Doch wo genau sind Beschäftigte eigentlich den Stoffen ausgesetzt? Bleibelastung am Arbeitsplatz kann beispielsweise beim Auftragen von bleihaltigen Anstrichstoffen im Zuge einer Restaurierung oder bei der Produktion von Elektroautos vorkommen. Diisocyanate finden in vielen Bereichen des Bauwesens Anwendung, etwa im Bauschaum. Aufgrund der Häufigkeit, mit der diese chemischen Stoffe verwendet werden, ist die Initiative zu den Grenzwerten für Blei und Diisocyanate ein wichtiger Schritt für die Stärkung der Sicherheit und Gesundheit am Arbeitsplatz.

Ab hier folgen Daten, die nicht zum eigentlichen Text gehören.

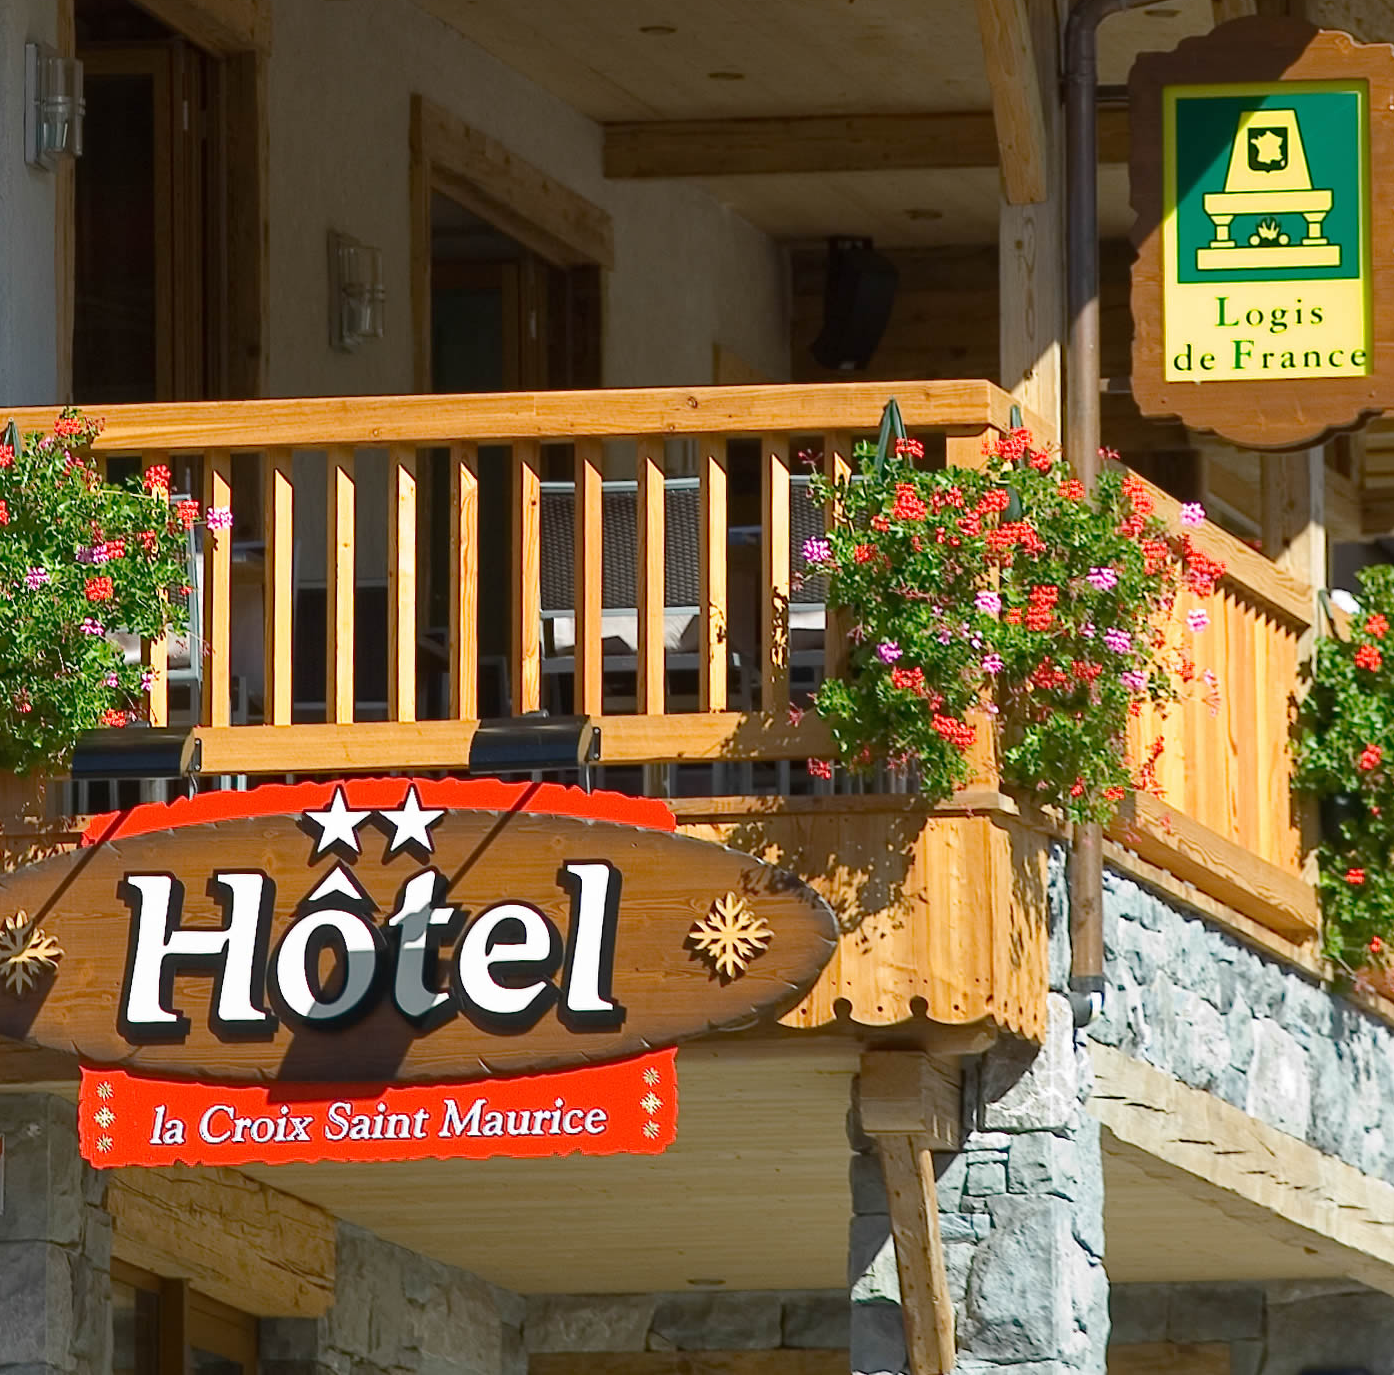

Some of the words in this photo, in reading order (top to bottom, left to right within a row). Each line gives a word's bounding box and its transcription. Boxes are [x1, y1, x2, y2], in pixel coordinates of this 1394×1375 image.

[1214, 295, 1324, 335] Logis
[1172, 343, 1216, 372] de
[1230, 338, 1368, 371] France
[124, 861, 616, 1026] Hôtel
[149, 1103, 187, 1146] la
[198, 1103, 314, 1145] Croix
[324, 1100, 431, 1142] Saint
[437, 1096, 608, 1139] Maurice
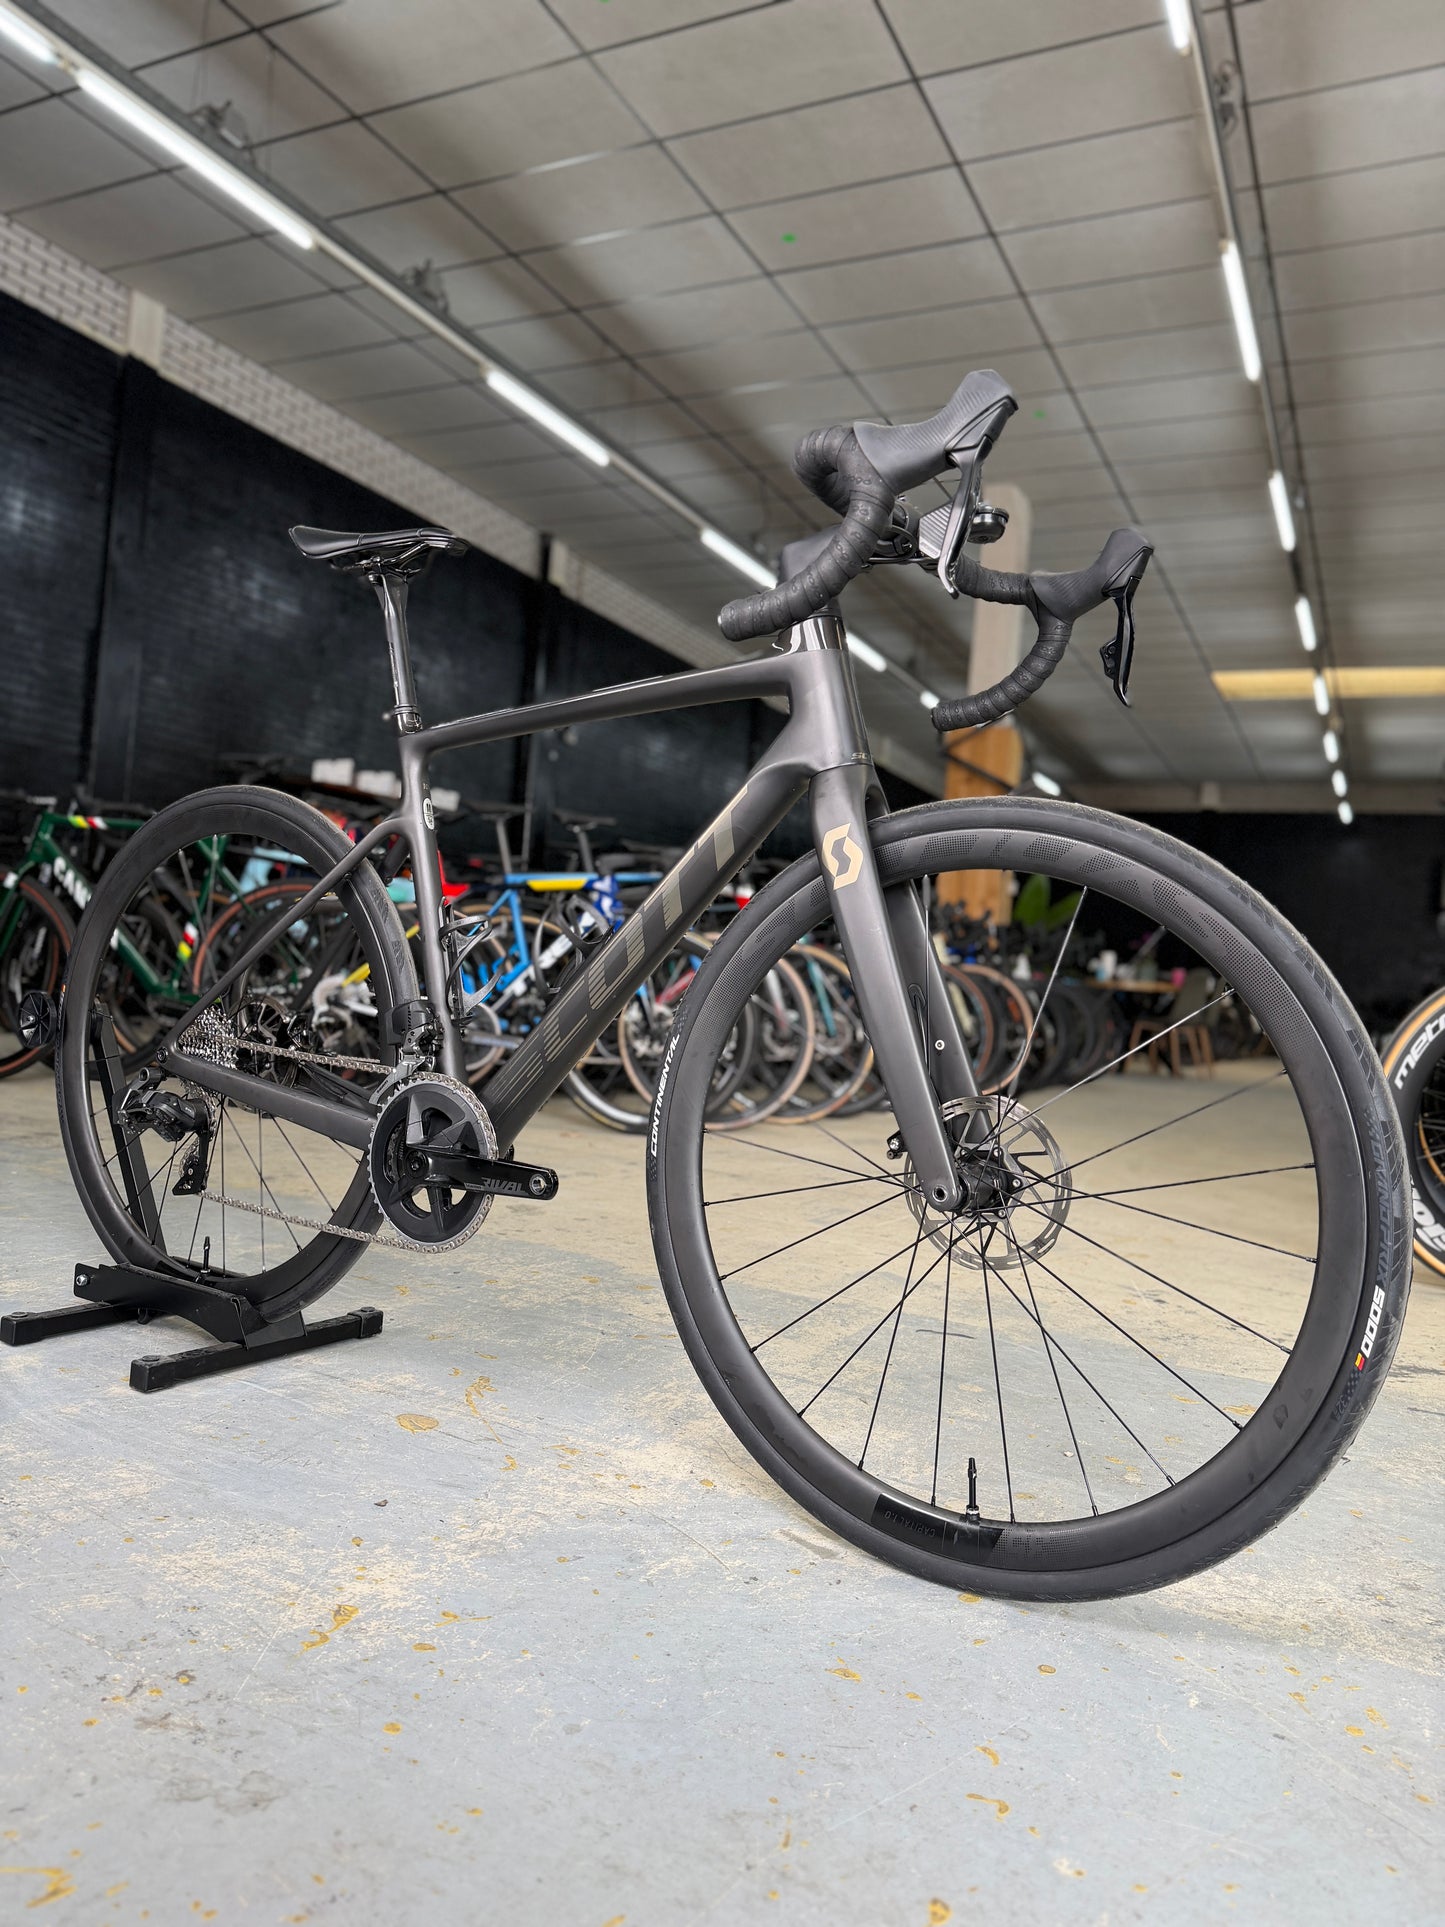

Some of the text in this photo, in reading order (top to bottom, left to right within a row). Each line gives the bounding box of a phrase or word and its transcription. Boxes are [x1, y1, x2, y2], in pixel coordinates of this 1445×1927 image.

[484, 783, 748, 1118] SCOTT
[650, 1034, 680, 1157] CONTINENTAL
[481, 1177, 527, 1193] RIVAL
[1361, 1285, 1385, 1358] 5000
[884, 1510, 937, 1537] CAPITAL 1.0

Die Europäische Kommission rief betroffene Organisationen dazu auf, sich an einer Konsultation des entsprechenden Richtlinienentwurfs zu beteiligen. Die DSV prüfte in enger Zusammenarbeit mit der DGUV den Richtlinienentwurf und weist in einem Feedback auf methodische und praktische Umsetzungsschwierigkeiten hin.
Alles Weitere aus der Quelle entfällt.